START Records to use
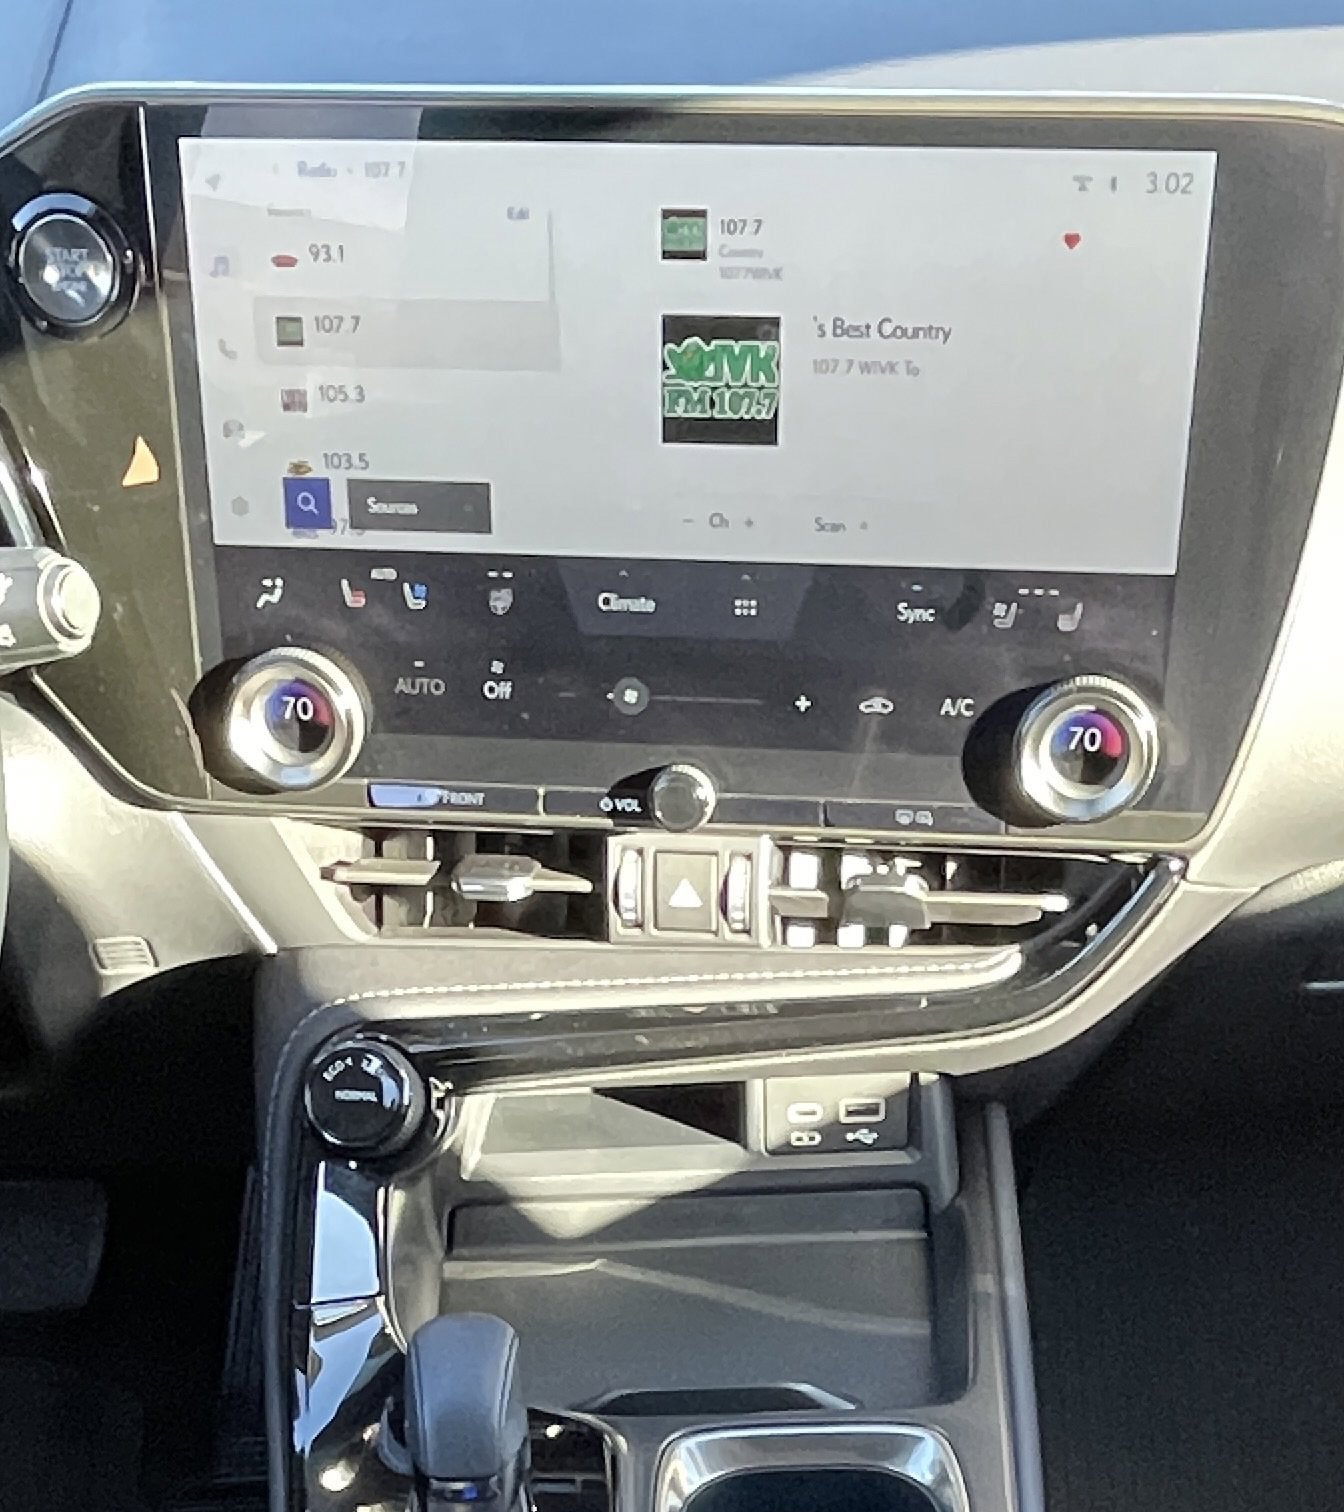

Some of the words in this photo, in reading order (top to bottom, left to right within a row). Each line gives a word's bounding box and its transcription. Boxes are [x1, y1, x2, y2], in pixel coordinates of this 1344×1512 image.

[308, 243, 344, 263] 93.1
[832, 315, 872, 339] Best
[877, 315, 953, 345] Country
[318, 384, 366, 404] 105.3
[323, 452, 370, 471] 103.5
[896, 602, 936, 624] Sync
[394, 676, 446, 696] AUTO
[482, 680, 513, 700] Off
[282, 696, 315, 721] 70
[939, 697, 975, 718] A/C
[1068, 727, 1103, 753] 70
[613, 797, 643, 813] VOL
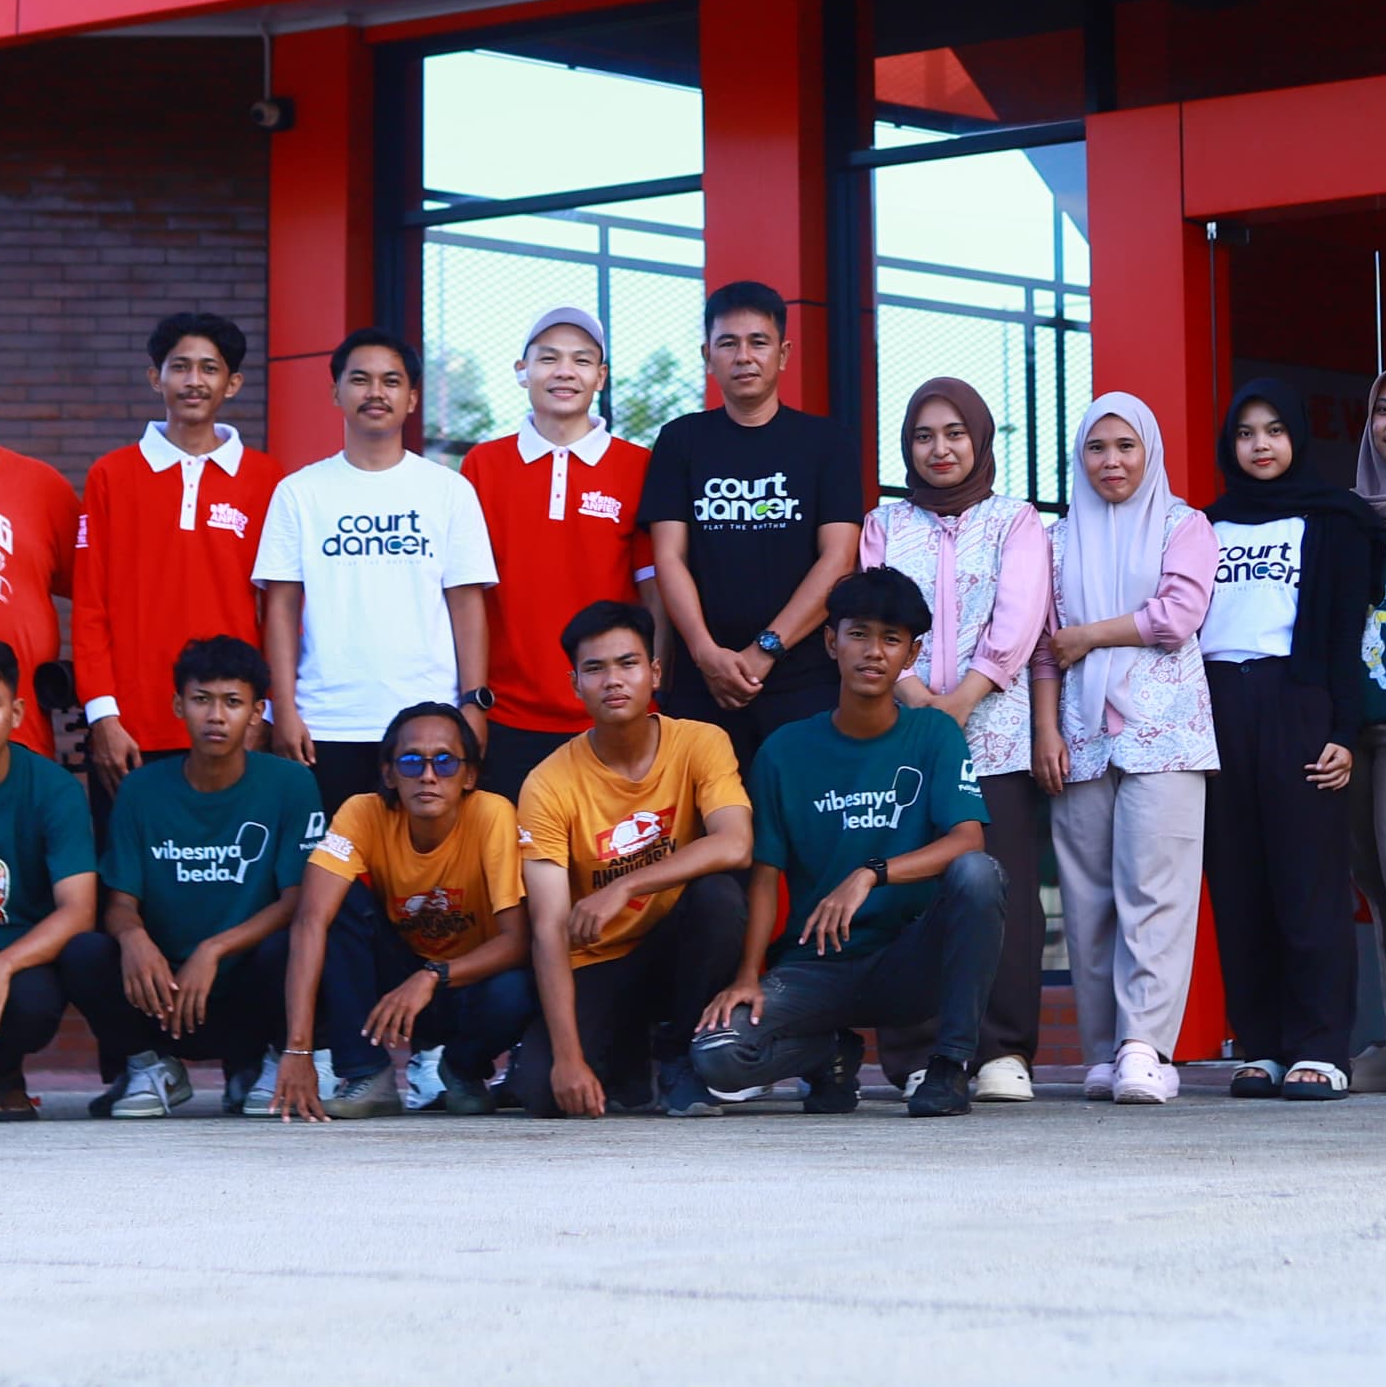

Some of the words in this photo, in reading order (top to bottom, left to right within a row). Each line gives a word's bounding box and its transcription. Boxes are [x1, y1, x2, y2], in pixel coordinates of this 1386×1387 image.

[704, 472, 788, 500] court
[337, 509, 421, 534] court
[693, 497, 803, 522] dancer.
[322, 534, 434, 558] dancer.
[1213, 561, 1302, 589] ancer.
[813, 789, 897, 813] vibesnya
[150, 839, 242, 864] vibesnya
[176, 861, 236, 883] beda.
END Records to use
Problem requirements:
The entries above are to be repeated in full, except for their pictures.

Written answer:
Some of the words in this photo, in reading order (top to bottom, left to right within a row). Each line gives a word's bounding box and its transcription. Boxes are [x1, y1, x2, y2], in pixel coordinates of this 1344×1512 image.

[308, 243, 344, 263] 93.1
[832, 315, 872, 339] Best
[877, 315, 953, 345] Country
[318, 384, 366, 404] 105.3
[323, 452, 370, 471] 103.5
[896, 602, 936, 624] Sync
[394, 676, 446, 696] AUTO
[482, 680, 513, 700] Off
[282, 696, 315, 721] 70
[939, 697, 975, 718] A/C
[1068, 727, 1103, 753] 70
[613, 797, 643, 813] VOL

Some of the words in this photo, in reading order (top to bottom, left to right within a row). Each line gives a word's bounding box and its transcription. Boxes are [x1, y1, x2, y2], in pixel coordinates of this 1386×1387 image.

[704, 472, 788, 500] court
[337, 509, 421, 534] court
[693, 497, 803, 522] dancer.
[322, 534, 434, 558] dancer.
[1213, 561, 1302, 589] ancer.
[813, 789, 897, 813] vibesnya
[150, 839, 242, 864] vibesnya
[176, 861, 236, 883] beda.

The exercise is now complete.